### Task prompt
From the line containing "this 2048×1536 image." down to the last line of the records below, copy every line exactly. Leave out everything before it.

### Supplied material

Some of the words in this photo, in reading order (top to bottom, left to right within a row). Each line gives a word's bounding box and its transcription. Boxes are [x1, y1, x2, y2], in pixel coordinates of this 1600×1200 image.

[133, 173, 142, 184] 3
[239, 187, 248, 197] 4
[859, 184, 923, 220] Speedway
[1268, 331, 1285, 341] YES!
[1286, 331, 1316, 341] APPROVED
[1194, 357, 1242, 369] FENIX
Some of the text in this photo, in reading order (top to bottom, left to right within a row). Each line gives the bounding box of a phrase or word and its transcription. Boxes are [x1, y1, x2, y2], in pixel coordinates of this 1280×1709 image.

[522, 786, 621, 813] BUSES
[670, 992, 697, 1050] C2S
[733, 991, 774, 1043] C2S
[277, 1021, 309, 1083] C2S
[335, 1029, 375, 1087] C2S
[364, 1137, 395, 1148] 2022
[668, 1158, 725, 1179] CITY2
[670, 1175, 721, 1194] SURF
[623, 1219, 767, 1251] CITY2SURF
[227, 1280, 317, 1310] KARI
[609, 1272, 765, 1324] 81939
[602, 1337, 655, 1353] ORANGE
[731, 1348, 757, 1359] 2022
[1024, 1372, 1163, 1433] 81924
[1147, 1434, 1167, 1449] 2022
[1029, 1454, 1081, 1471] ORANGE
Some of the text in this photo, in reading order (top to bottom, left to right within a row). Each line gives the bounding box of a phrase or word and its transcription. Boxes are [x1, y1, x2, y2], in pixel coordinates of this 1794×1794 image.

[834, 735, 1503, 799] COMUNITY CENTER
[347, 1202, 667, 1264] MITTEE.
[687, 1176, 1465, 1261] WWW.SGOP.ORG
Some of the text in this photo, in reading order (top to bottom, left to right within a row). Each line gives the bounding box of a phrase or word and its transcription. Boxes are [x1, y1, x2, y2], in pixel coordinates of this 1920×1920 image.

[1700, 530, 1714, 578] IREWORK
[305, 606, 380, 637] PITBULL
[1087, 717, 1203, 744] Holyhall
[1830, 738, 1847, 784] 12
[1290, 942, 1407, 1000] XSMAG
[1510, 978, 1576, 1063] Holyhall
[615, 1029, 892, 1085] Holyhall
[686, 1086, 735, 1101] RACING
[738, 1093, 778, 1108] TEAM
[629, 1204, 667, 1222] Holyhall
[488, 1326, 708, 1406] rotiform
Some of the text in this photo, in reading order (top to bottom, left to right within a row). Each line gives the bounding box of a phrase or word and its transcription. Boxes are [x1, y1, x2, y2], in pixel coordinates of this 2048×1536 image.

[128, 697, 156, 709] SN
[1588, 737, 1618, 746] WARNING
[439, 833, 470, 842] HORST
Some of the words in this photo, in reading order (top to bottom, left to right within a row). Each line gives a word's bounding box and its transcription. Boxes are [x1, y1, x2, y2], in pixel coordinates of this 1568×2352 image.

### Output below
Some of the text in this photo, in reading order (top to bottom, left to right within a row). Each line gives the bounding box of a phrase or word and its transcription. Boxes are [x1, y1, x2, y2], in pixel coordinates of this 2048×1536 image.

[128, 697, 156, 709] SN
[1588, 737, 1618, 746] WARNING
[439, 833, 470, 842] HORST
Some of the words in this photo, in reading order (top to bottom, left to right within a row). Each line gives a word's bounding box and its transcription. Boxes are [x1, y1, x2, y2], in pixel coordinates of this 1568×2352 image.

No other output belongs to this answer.